*Task to complete*
Your task is to repeat the entries word for word while leaving out the pictures.

*Data section*
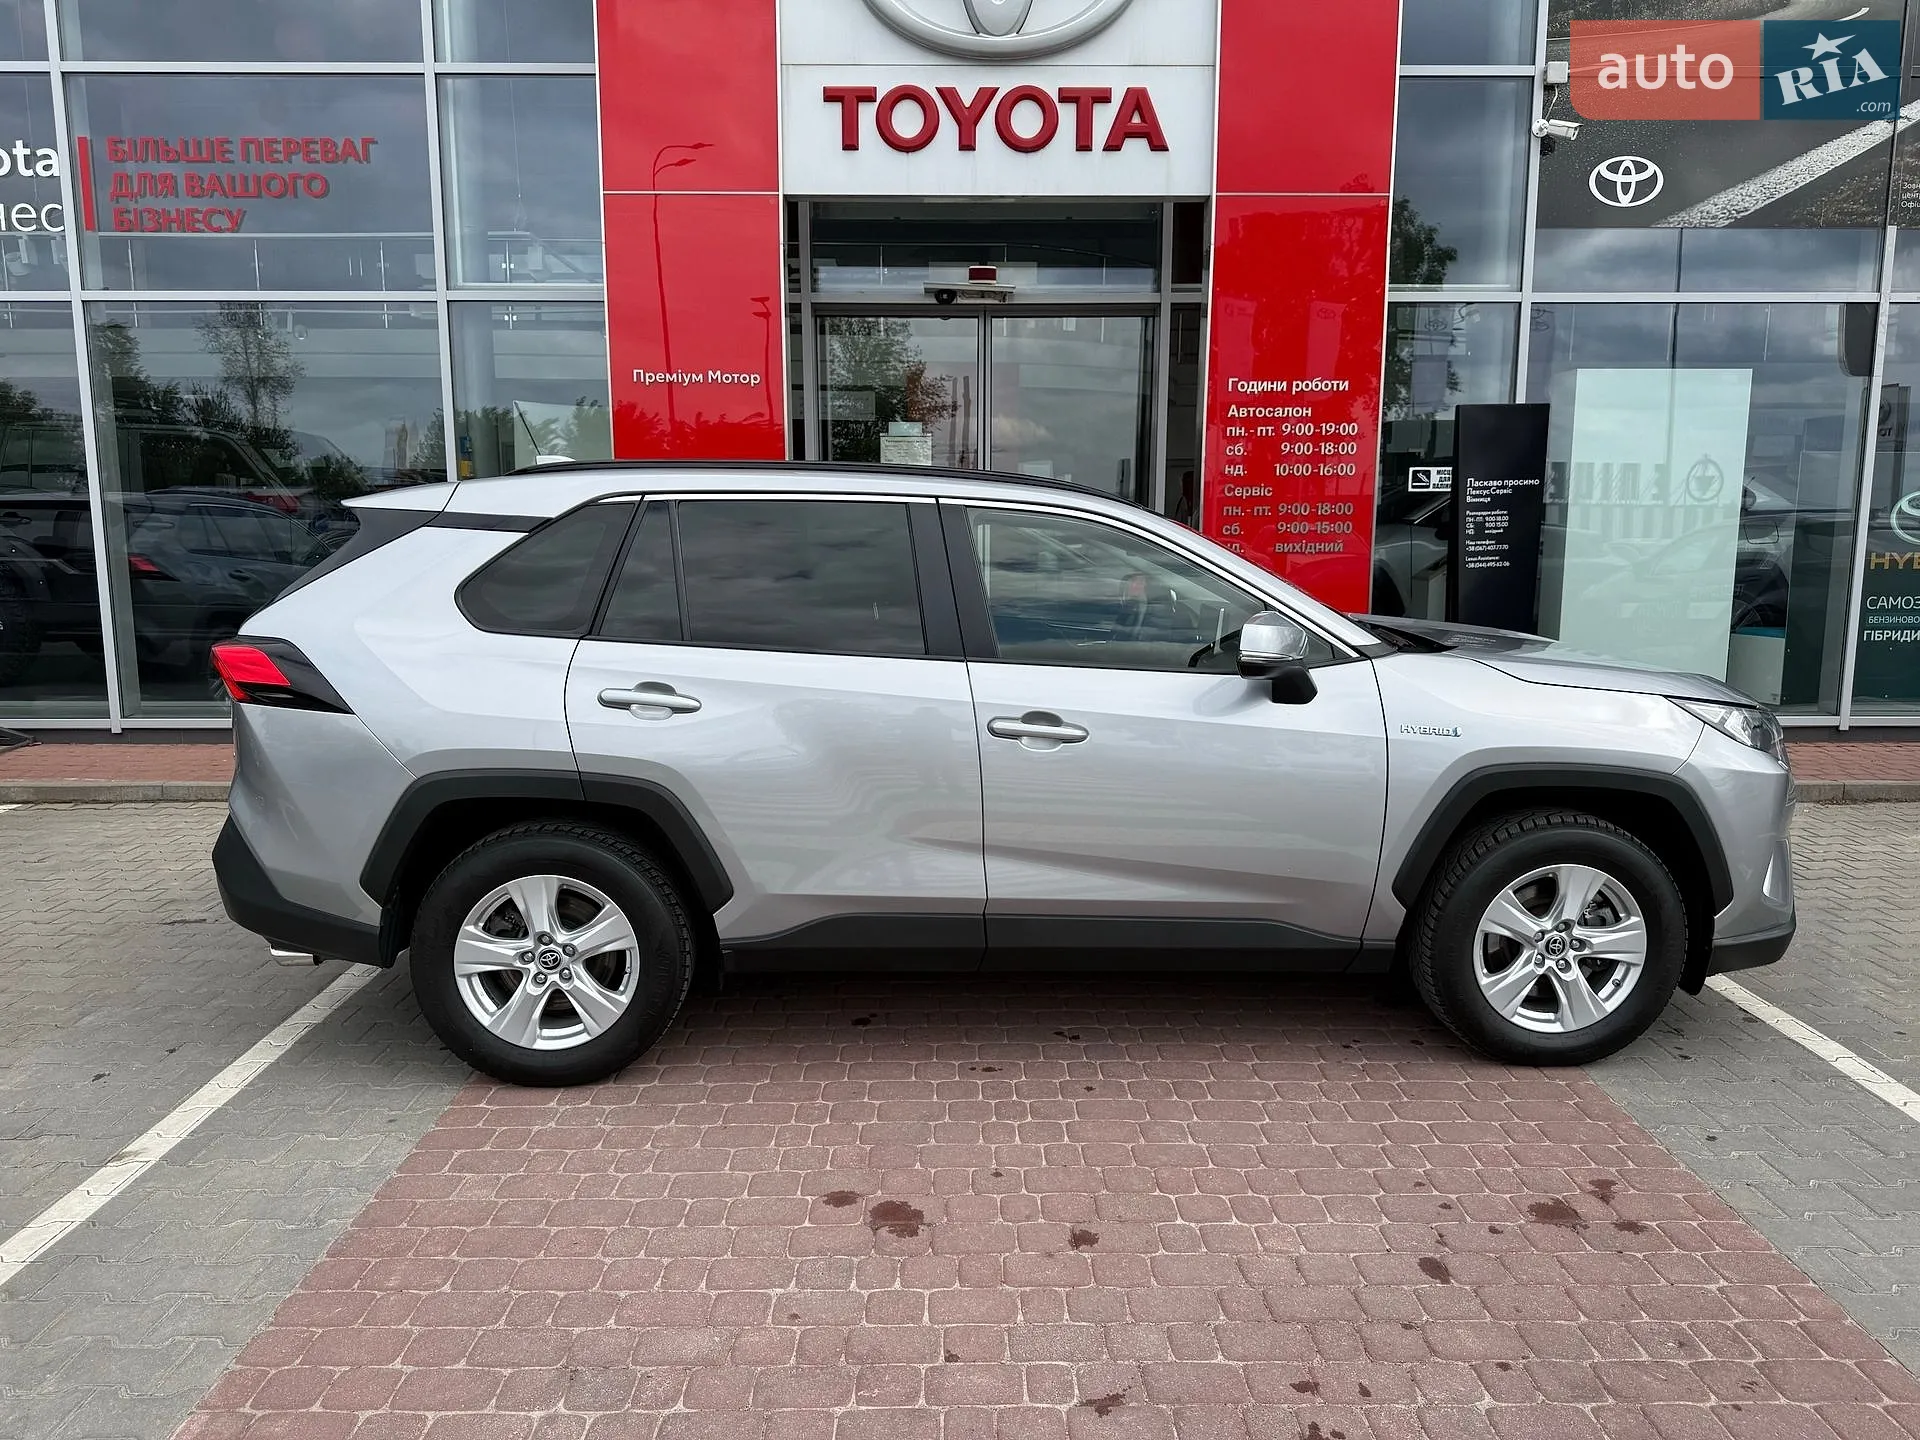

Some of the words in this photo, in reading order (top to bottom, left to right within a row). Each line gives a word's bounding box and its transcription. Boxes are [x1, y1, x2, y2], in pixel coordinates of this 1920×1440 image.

[823, 84, 1170, 153] TOYOTA
[106, 136, 234, 163] БІЛЬШЕ
[239, 137, 377, 164] ПЕРЕВАГ
[110, 172, 176, 202] ДЛЯ
[184, 172, 329, 199] ВАШОГО
[113, 207, 245, 233] БІЗНЕСУ
[632, 369, 704, 386] Преміум
[707, 370, 761, 387] Мотор
[1228, 378, 1287, 394] Години
[1292, 377, 1349, 395] роботи
[1227, 405, 1312, 418] Автосалон
[1281, 422, 1358, 437] 9:00-19:00
[1226, 444, 1248, 456] сб.
[1280, 442, 1357, 456] 9:00-18:00
[1224, 464, 1248, 476] нд.
[1274, 463, 1356, 477] 10:00-16:00
[1466, 478, 1503, 487] Ласкаво
[1503, 479, 1540, 487] просимо
[1224, 483, 1273, 499] Сервіс
[1278, 502, 1354, 516] 9:00-18:00
[1222, 522, 1244, 535] сб.
[1277, 521, 1352, 535] 9:00-15:00
[1275, 540, 1344, 554] вихідний
[1400, 724, 1454, 737] HYBRID
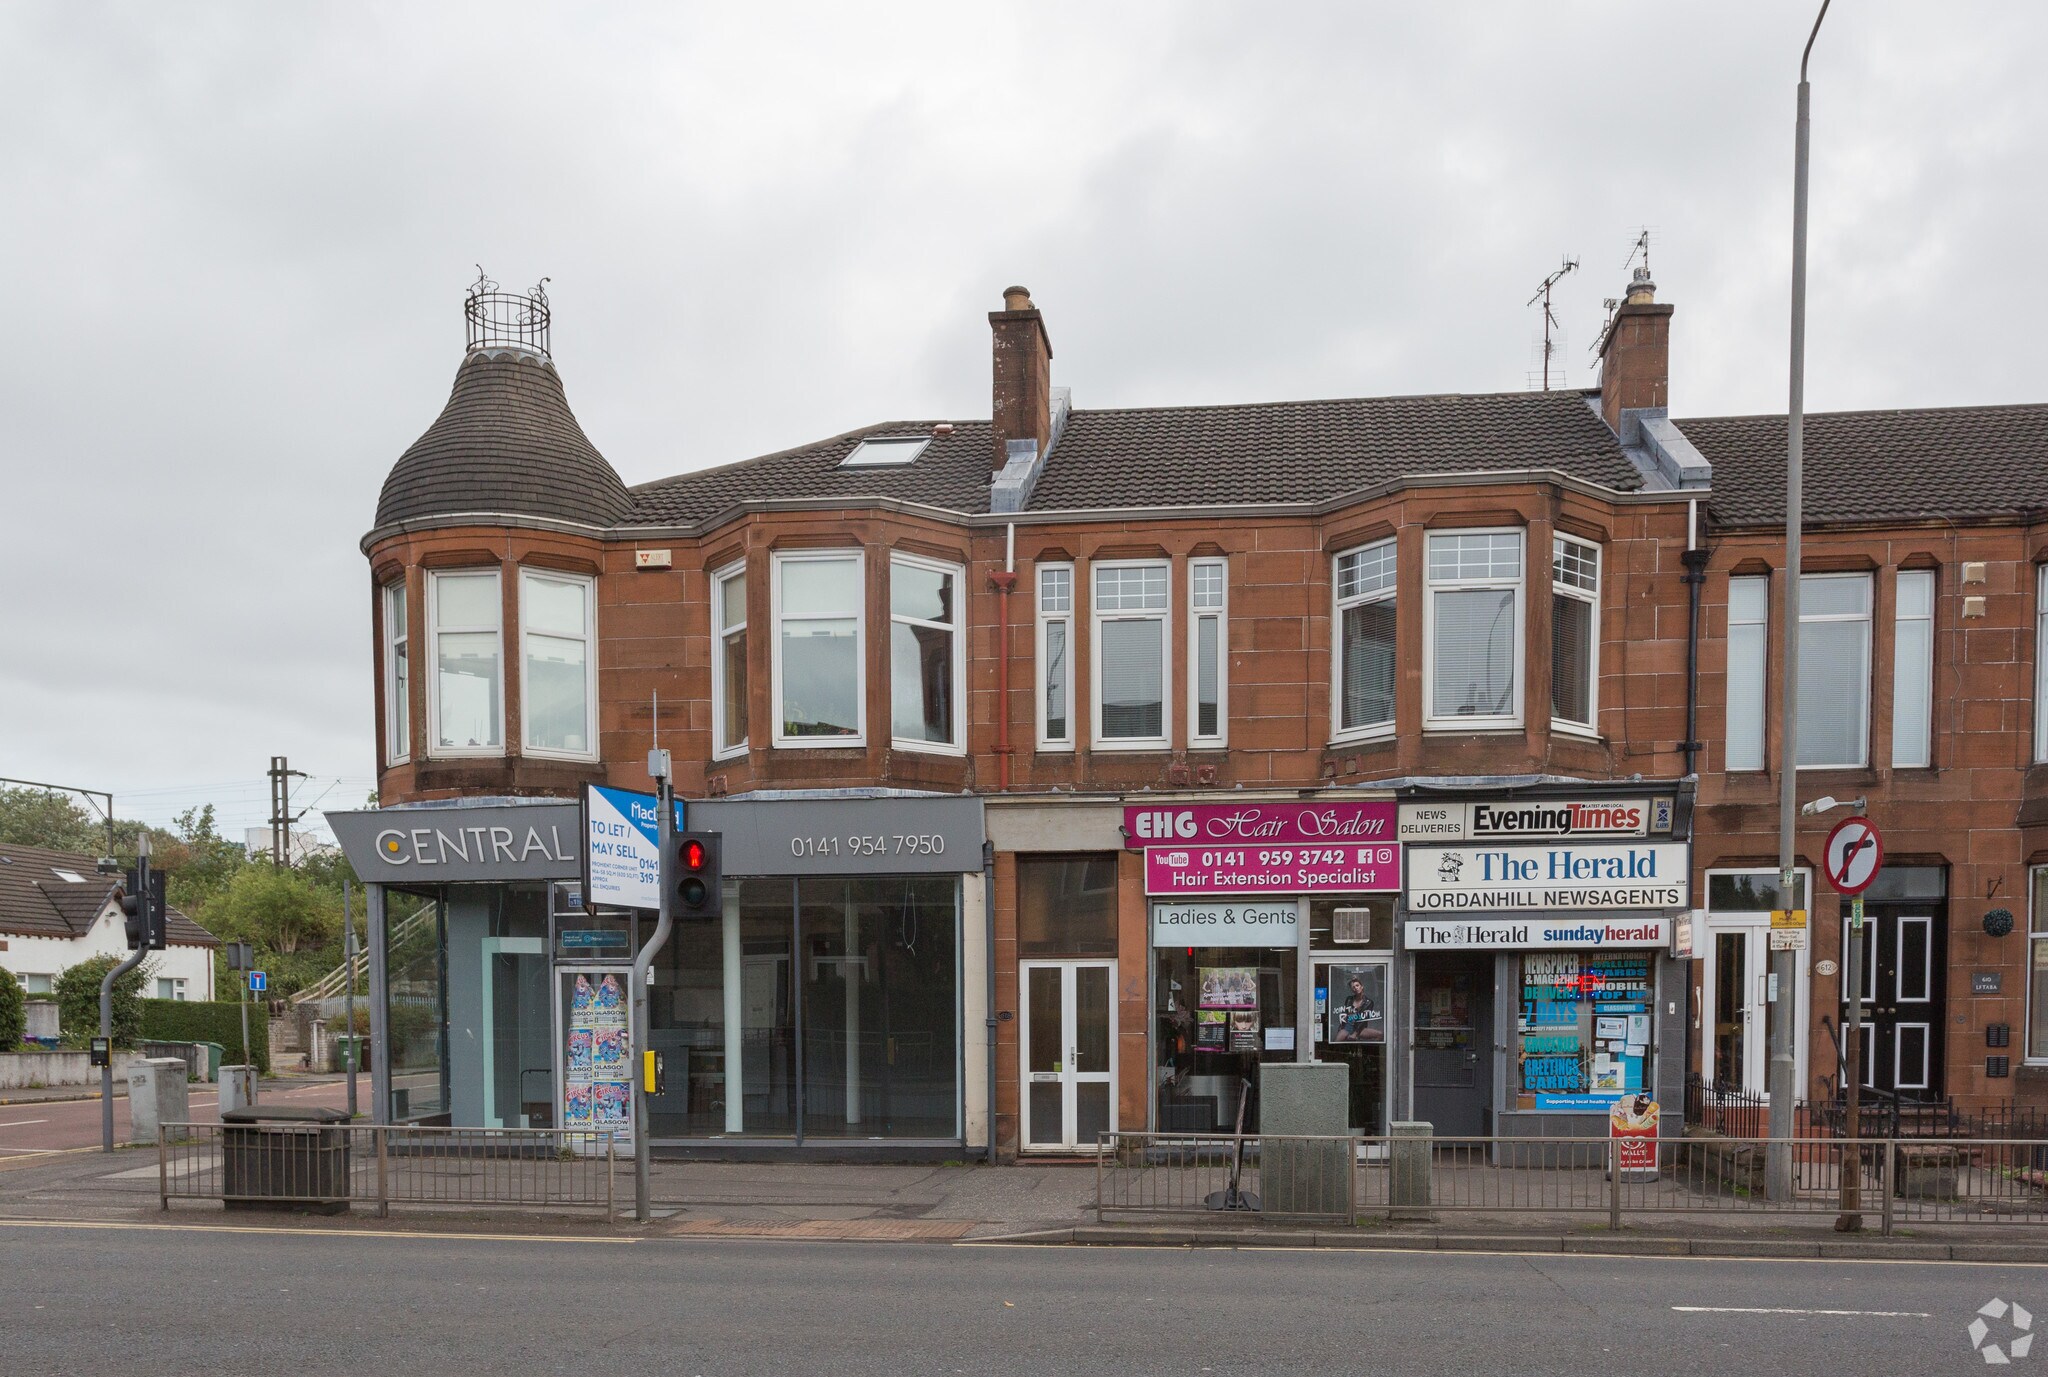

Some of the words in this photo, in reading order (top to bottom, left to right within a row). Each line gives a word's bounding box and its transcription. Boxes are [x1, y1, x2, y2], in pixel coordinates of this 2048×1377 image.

[1135, 811, 1198, 838] EHG
[1206, 809, 1288, 838] Hair
[1297, 809, 1386, 837] Salon
[1416, 810, 1447, 820] NEWS
[591, 820, 606, 834] TO
[608, 823, 625, 837] LET
[1401, 823, 1461, 834] DELIVERIES
[375, 825, 575, 865] CENTRAL
[592, 841, 614, 856] MAY
[616, 844, 638, 859] SELL
[791, 837, 839, 857] 0141
[848, 836, 887, 856] 954
[893, 834, 945, 855] 7950
[639, 858, 659, 870] 0141
[1202, 852, 1246, 867] 0141
[1259, 850, 1294, 866] 959
[1299, 849, 1345, 865] 3742
[1475, 852, 1539, 881] The
[1547, 849, 1658, 880] Herald
[639, 871, 654, 883] 319
[1172, 871, 1209, 887] Hair
[1213, 870, 1292, 886] Extension
[1297, 869, 1377, 888] Specialist
[1416, 892, 1538, 908] JORDANHILL
[1543, 889, 1680, 906] NEWSAGENTS
[1158, 909, 1217, 925] Ladies
[1224, 909, 1236, 925] &
[1242, 908, 1297, 925] Gents
[1416, 926, 1451, 944] The
[1466, 926, 1529, 944] Herald
[1524, 954, 1579, 974] NEWSPAPER
[1592, 960, 1647, 968] CALLING
[1593, 968, 1647, 977] CARDS
[1525, 975, 1534, 984] &
[1533, 974, 1579, 985] MAGAZINE
[1592, 982, 1647, 991] MOBILE
[1524, 986, 1578, 1000] DELIVERY
[1593, 991, 1624, 999] TOP
[1626, 991, 1647, 999] UP
[1524, 1001, 1533, 1023] 7
[1536, 1001, 1578, 1023] DAYS
[1524, 1036, 1579, 1052] GROCERIES
[1524, 1058, 1579, 1076] GREETINGS
[1525, 1076, 1580, 1090] CARDS
[595, 1085, 620, 1099] CIRCUS

*Worked solution*
Some of the words in this photo, in reading order (top to bottom, left to right within a row). Each line gives a word's bounding box and its transcription. Boxes are [x1, y1, x2, y2], in pixel coordinates of this 1920×1440 image.

[823, 84, 1170, 153] TOYOTA
[106, 136, 234, 163] БІЛЬШЕ
[239, 137, 377, 164] ПЕРЕВАГ
[110, 172, 176, 202] ДЛЯ
[184, 172, 329, 199] ВАШОГО
[113, 207, 245, 233] БІЗНЕСУ
[632, 369, 704, 386] Преміум
[707, 370, 761, 387] Мотор
[1228, 378, 1287, 394] Години
[1292, 377, 1349, 395] роботи
[1227, 405, 1312, 418] Автосалон
[1281, 422, 1358, 437] 9:00-19:00
[1226, 444, 1248, 456] сб.
[1280, 442, 1357, 456] 9:00-18:00
[1224, 464, 1248, 476] нд.
[1274, 463, 1356, 477] 10:00-16:00
[1466, 478, 1503, 487] Ласкаво
[1503, 479, 1540, 487] просимо
[1224, 483, 1273, 499] Сервіс
[1278, 502, 1354, 516] 9:00-18:00
[1222, 522, 1244, 535] сб.
[1277, 521, 1352, 535] 9:00-15:00
[1275, 540, 1344, 554] вихідний
[1400, 724, 1454, 737] HYBRID

Some of the words in this photo, in reading order (top to bottom, left to right within a row). Each line gives a word's bounding box and its transcription. Boxes are [x1, y1, x2, y2], in pixel coordinates of this 2048×1377 image.

[1135, 811, 1198, 838] EHG
[1206, 809, 1288, 838] Hair
[1297, 809, 1386, 837] Salon
[1416, 810, 1447, 820] NEWS
[591, 820, 606, 834] TO
[608, 823, 625, 837] LET
[1401, 823, 1461, 834] DELIVERIES
[375, 825, 575, 865] CENTRAL
[592, 841, 614, 856] MAY
[616, 844, 638, 859] SELL
[791, 837, 839, 857] 0141
[848, 836, 887, 856] 954
[893, 834, 945, 855] 7950
[639, 858, 659, 870] 0141
[1202, 852, 1246, 867] 0141
[1259, 850, 1294, 866] 959
[1299, 849, 1345, 865] 3742
[1475, 852, 1539, 881] The
[1547, 849, 1658, 880] Herald
[639, 871, 654, 883] 319
[1172, 871, 1209, 887] Hair
[1213, 870, 1292, 886] Extension
[1297, 869, 1377, 888] Specialist
[1416, 892, 1538, 908] JORDANHILL
[1543, 889, 1680, 906] NEWSAGENTS
[1158, 909, 1217, 925] Ladies
[1224, 909, 1236, 925] &
[1242, 908, 1297, 925] Gents
[1416, 926, 1451, 944] The
[1466, 926, 1529, 944] Herald
[1524, 954, 1579, 974] NEWSPAPER
[1592, 960, 1647, 968] CALLING
[1593, 968, 1647, 977] CARDS
[1525, 975, 1534, 984] &
[1533, 974, 1579, 985] MAGAZINE
[1592, 982, 1647, 991] MOBILE
[1524, 986, 1578, 1000] DELIVERY
[1593, 991, 1624, 999] TOP
[1626, 991, 1647, 999] UP
[1524, 1001, 1533, 1023] 7
[1536, 1001, 1578, 1023] DAYS
[1524, 1036, 1579, 1052] GROCERIES
[1524, 1058, 1579, 1076] GREETINGS
[1525, 1076, 1580, 1090] CARDS
[595, 1085, 620, 1099] CIRCUS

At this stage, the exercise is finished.